Work instruction:
Restate the listing below word for word. No picture belongs in the result.

Records for processing:

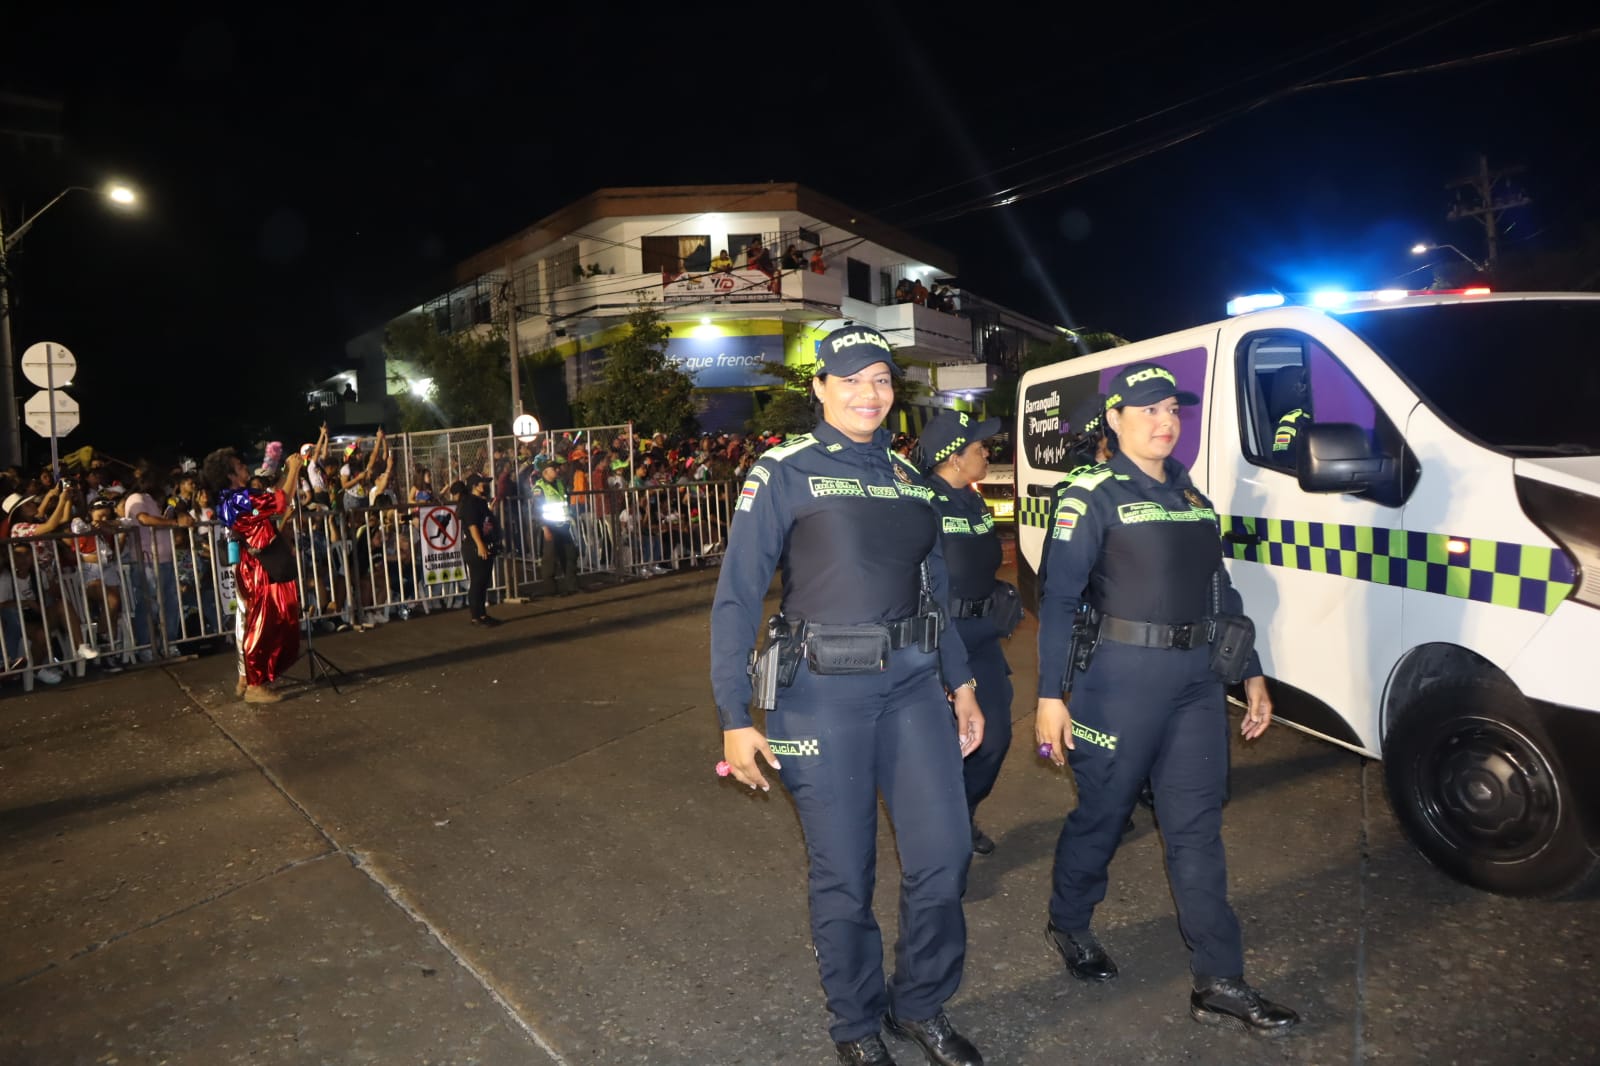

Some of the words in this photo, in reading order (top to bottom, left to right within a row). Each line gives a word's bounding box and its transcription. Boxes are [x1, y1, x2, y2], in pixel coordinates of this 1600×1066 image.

[686, 356, 713, 370] que
[1025, 391, 1060, 413] Barranquilla
[769, 743, 797, 753] OLICÍA
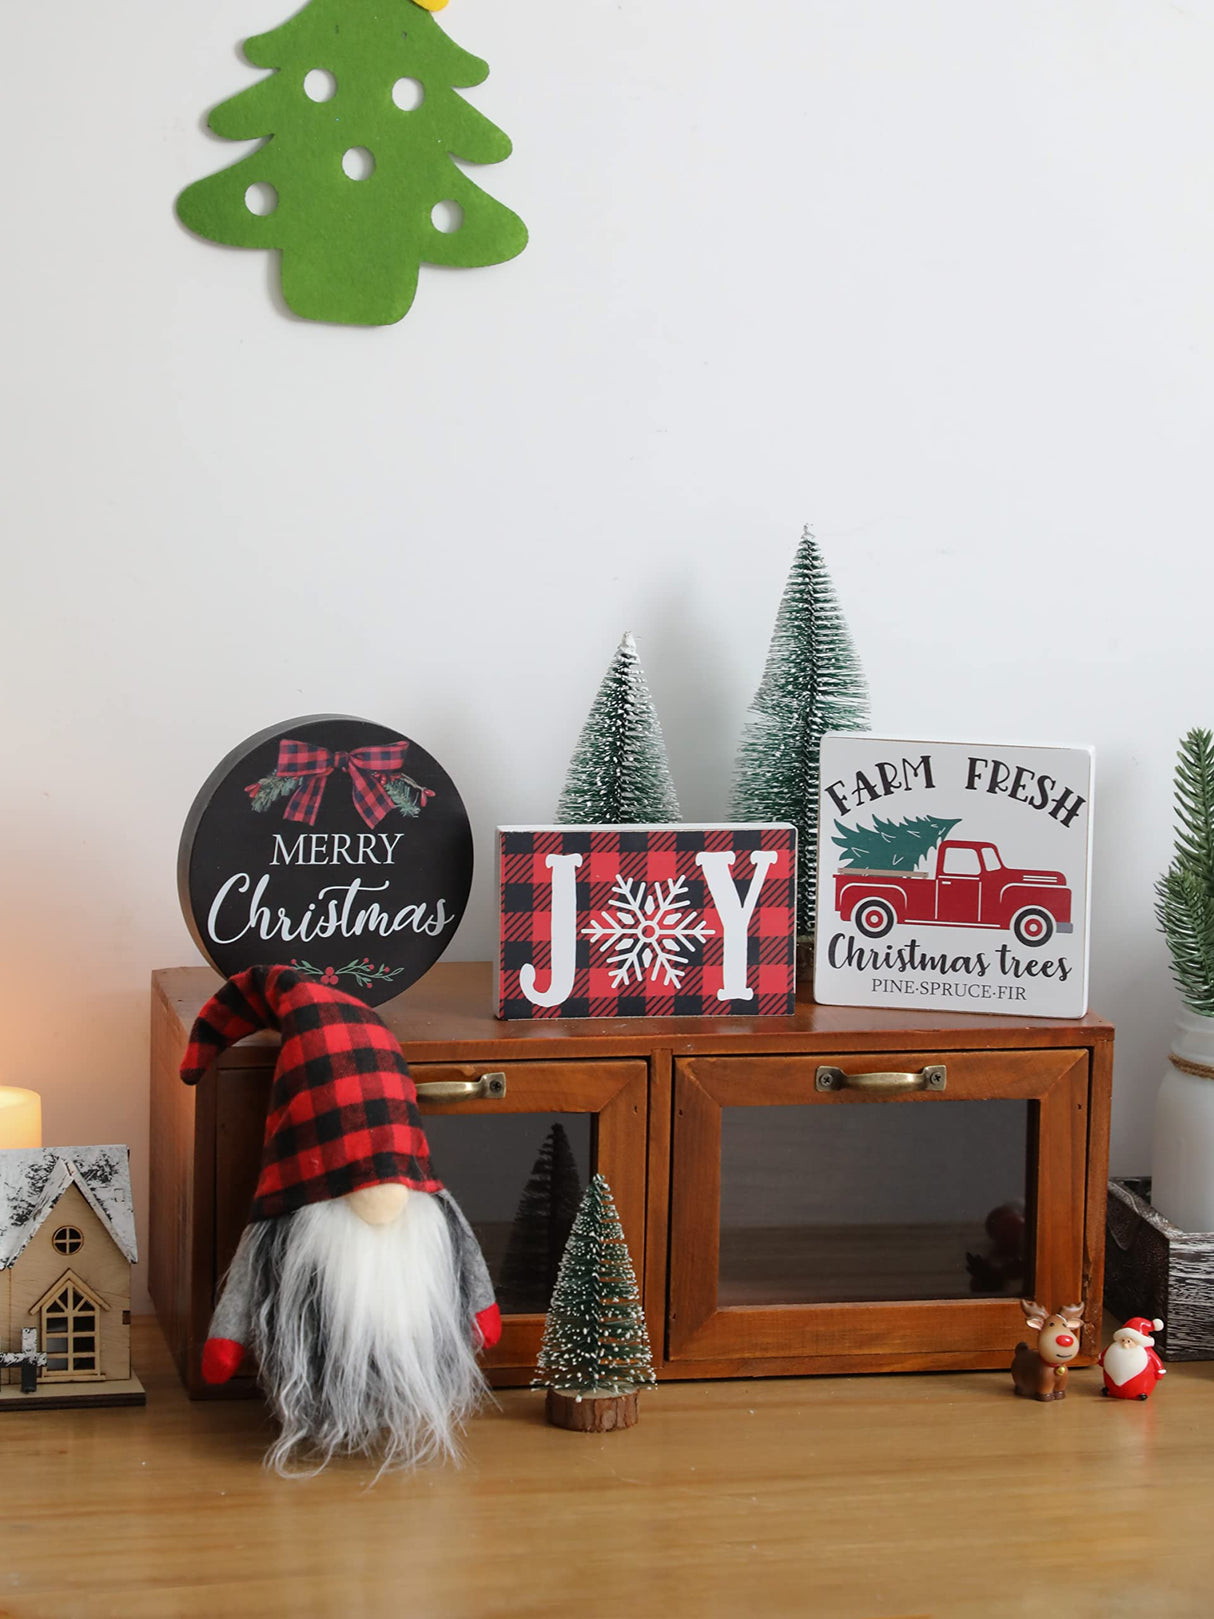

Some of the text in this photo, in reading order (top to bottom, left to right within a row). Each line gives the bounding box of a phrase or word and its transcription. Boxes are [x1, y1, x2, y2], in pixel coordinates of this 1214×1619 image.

[824, 755, 1086, 828] FARM FRESH
[269, 833, 404, 865] MERRY
[207, 872, 455, 944] Christmas
[827, 932, 1073, 982] Christmas trees
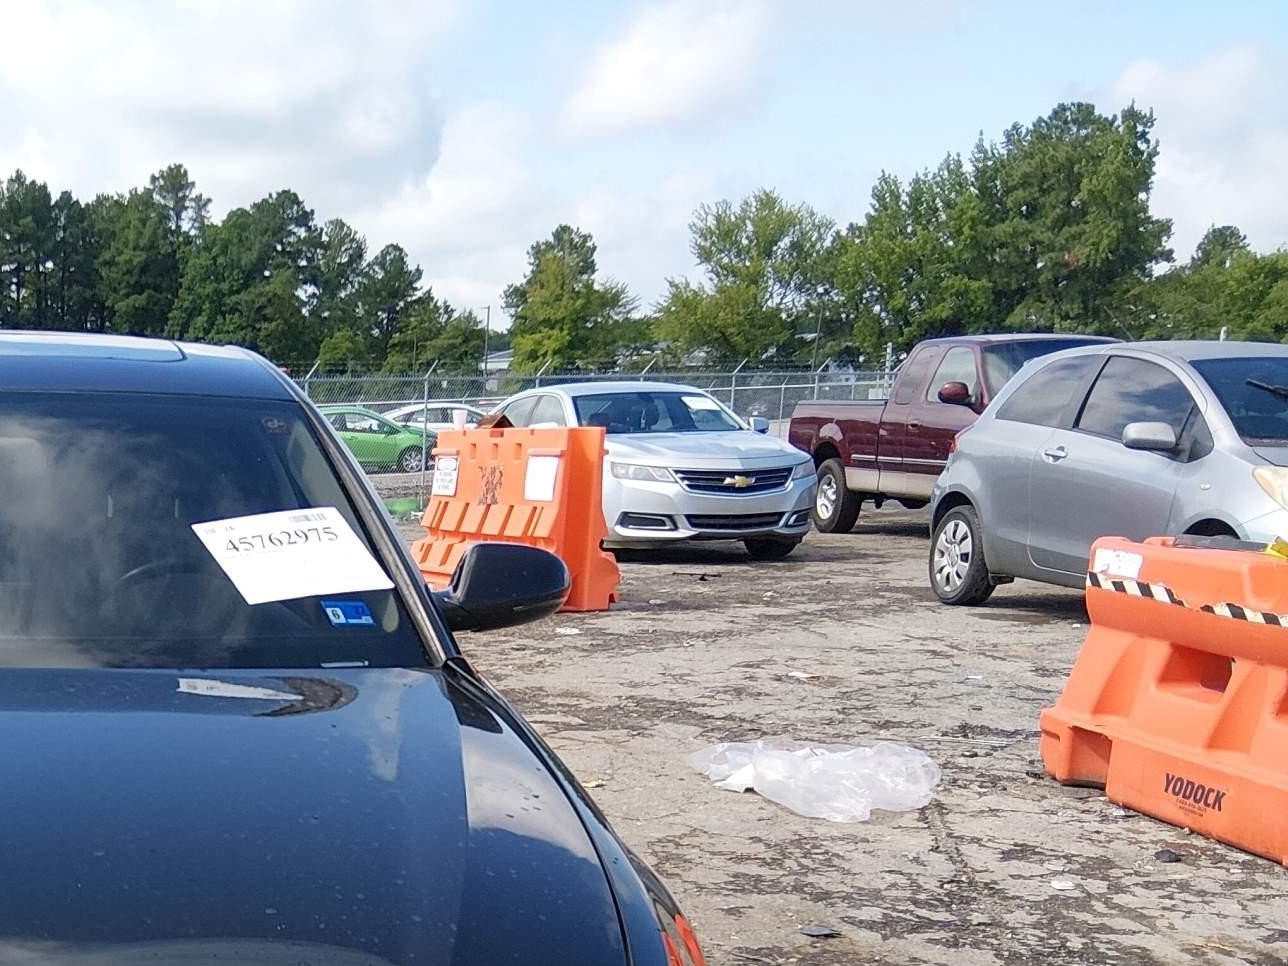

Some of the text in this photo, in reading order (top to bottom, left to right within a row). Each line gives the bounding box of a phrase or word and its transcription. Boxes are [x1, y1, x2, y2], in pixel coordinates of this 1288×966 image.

[226, 526, 339, 552] 45762975
[330, 609, 341, 620] 6
[1163, 773, 1227, 812] YODOCK
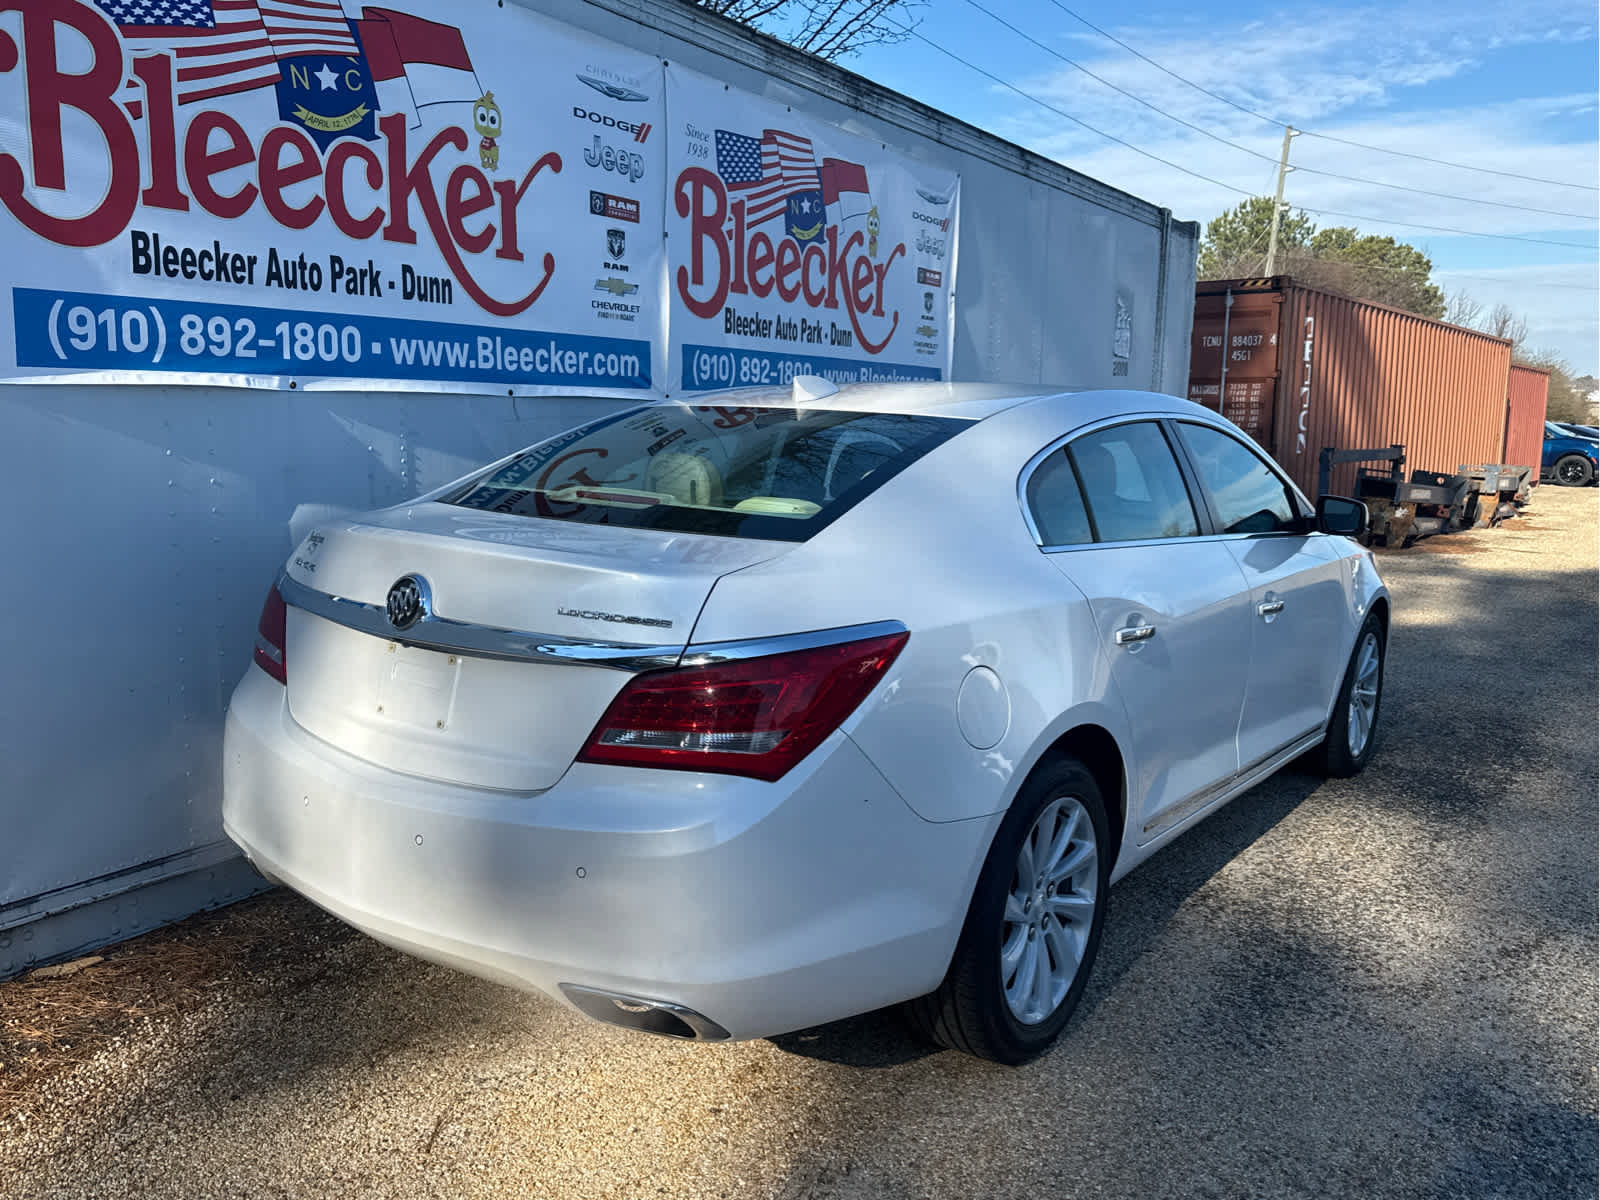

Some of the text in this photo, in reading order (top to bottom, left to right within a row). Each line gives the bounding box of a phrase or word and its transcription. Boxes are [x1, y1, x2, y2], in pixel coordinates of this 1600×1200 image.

[573, 106, 642, 135] DODGE
[685, 123, 709, 143] Since
[0, 0, 563, 317] Bleecker
[583, 134, 645, 183] Jeep
[687, 142, 709, 160] 1938
[607, 198, 638, 213] RAM
[912, 211, 945, 227] DODGE
[131, 230, 258, 285] Bleecker
[265, 248, 323, 292] Auto
[330, 254, 383, 298] Park
[401, 263, 453, 305] Dunn
[603, 262, 629, 272] RAM
[674, 167, 906, 354] Bleecker
[591, 300, 641, 314] CHEVROLET
[48, 299, 640, 377] (910) 892-1800 www.Bleecker.com
[724, 307, 772, 338] Bleecker
[775, 314, 798, 342] Auto
[801, 318, 823, 345] Park
[830, 322, 853, 348] Dunn
[1231, 335, 1263, 347] 884037
[1231, 350, 1252, 361] 45G1
[693, 349, 737, 387] (910)
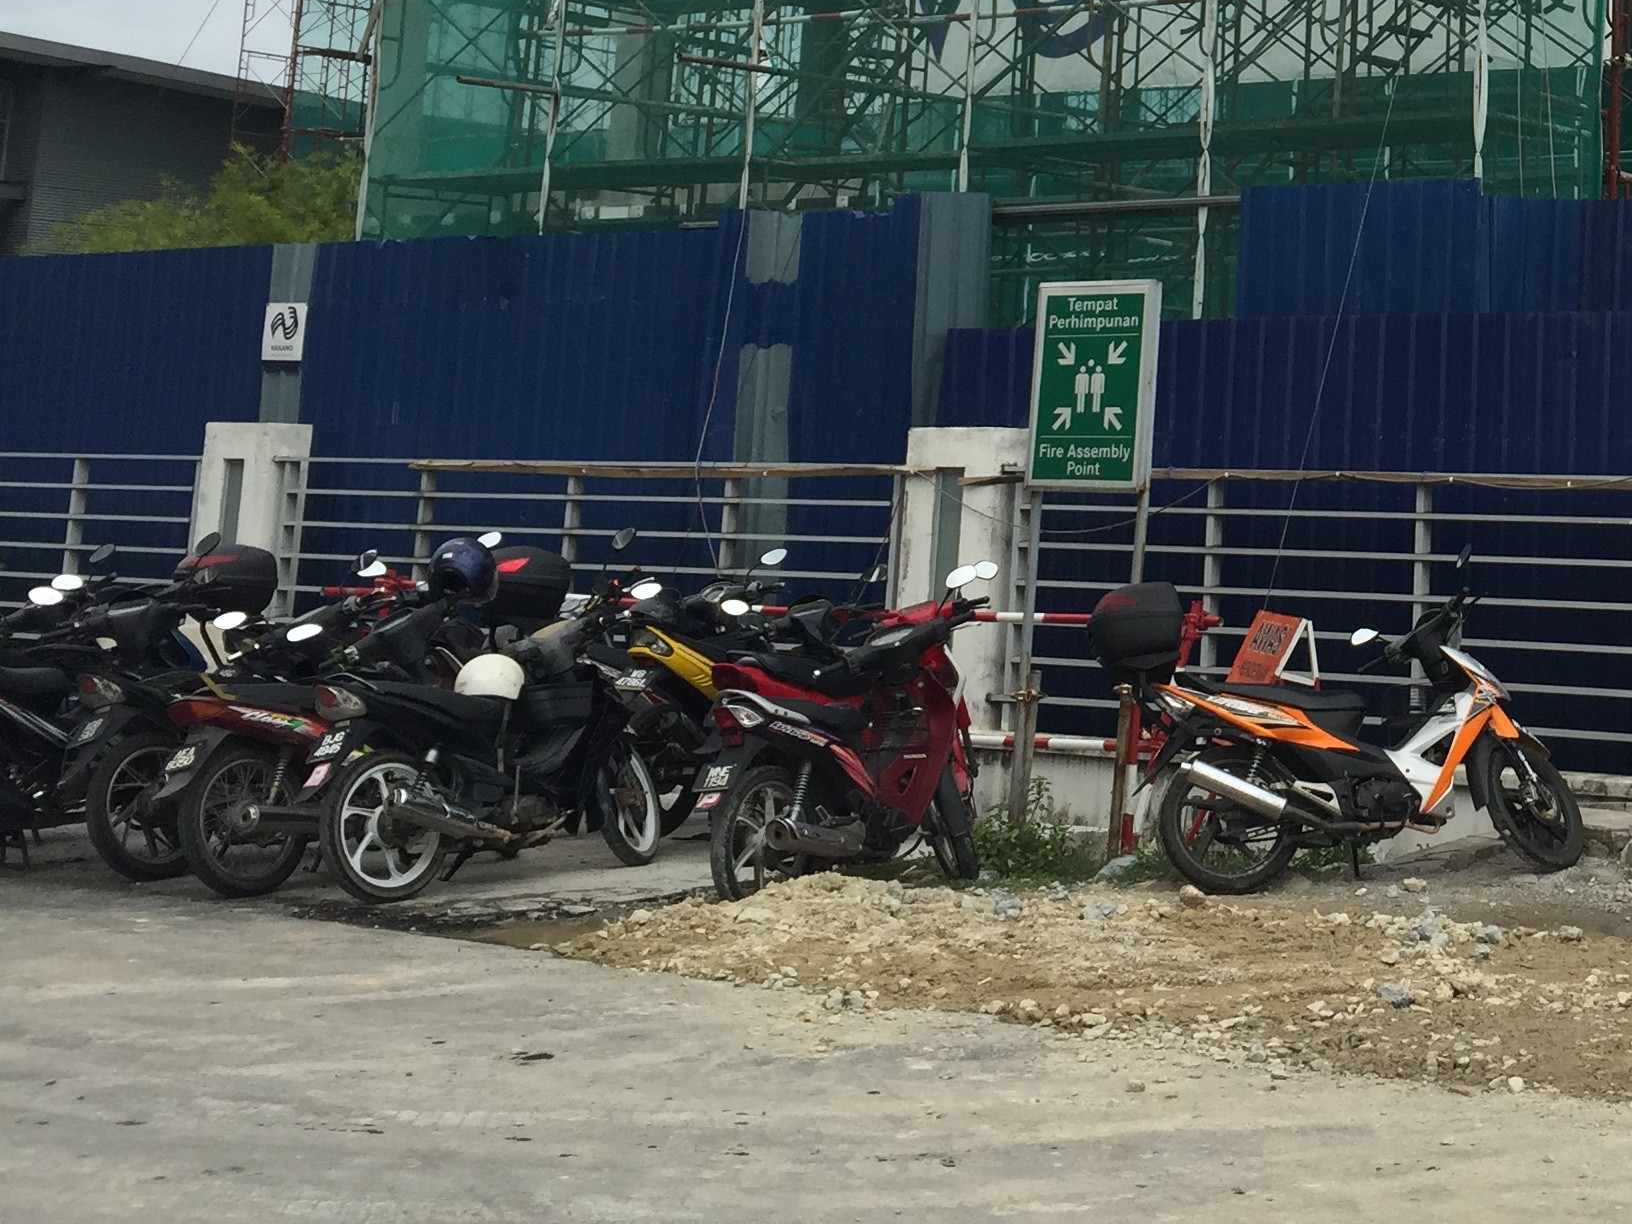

Task response:
Some of the words in this photo, in reading order (top to bottom, left to right within a row). Each line gives a word's bounding box and its transcription. Boxes are [x1, y1, x2, y2], in pixel coordinates of this 1600×1066 image.

[686, 356, 713, 370] que
[1025, 391, 1060, 413] Barranquilla
[769, 743, 797, 753] OLICÍA

Some of the text in this photo, in reading order (top to bottom, left to right within a row). Each line gives the bounding box of a phrase or word and its transcription. Boxes are [x1, y1, x2, y2], in pixel coordinates of this 1214×1619 image.

[824, 755, 1086, 828] FARM FRESH
[269, 833, 404, 865] MERRY
[207, 872, 455, 944] Christmas
[827, 932, 1073, 982] Christmas trees

Some of the text in this photo, in reading order (top to bottom, left to right within a row). Each line gives the bounding box of a phrase or word and its transcription. Boxes are [x1, y1, x2, y2], in pixel coordinates of this 1288×966 image.

[226, 526, 339, 552] 45762975
[330, 609, 341, 620] 6
[1163, 773, 1227, 812] YODOCK

Some of the text in this photo, in reading order (top to bottom, left to right within a row). Each line gives the bounding box of a phrase or word and its transcription. Boxes are [x1, y1, x2, y2], in pixel coordinates of this 1600×1200 image.

[573, 106, 642, 135] DODGE
[685, 123, 709, 143] Since
[0, 0, 563, 317] Bleecker
[583, 134, 645, 183] Jeep
[687, 142, 709, 160] 1938
[607, 198, 638, 213] RAM
[912, 211, 945, 227] DODGE
[131, 230, 258, 285] Bleecker
[265, 248, 323, 292] Auto
[330, 254, 383, 298] Park
[401, 263, 453, 305] Dunn
[603, 262, 629, 272] RAM
[674, 167, 906, 354] Bleecker
[591, 300, 641, 314] CHEVROLET
[48, 299, 640, 377] (910) 892-1800 www.Bleecker.com
[724, 307, 772, 338] Bleecker
[775, 314, 798, 342] Auto
[801, 318, 823, 345] Park
[830, 322, 853, 348] Dunn
[1231, 335, 1263, 347] 884037
[1231, 350, 1252, 361] 45G1
[693, 349, 737, 387] (910)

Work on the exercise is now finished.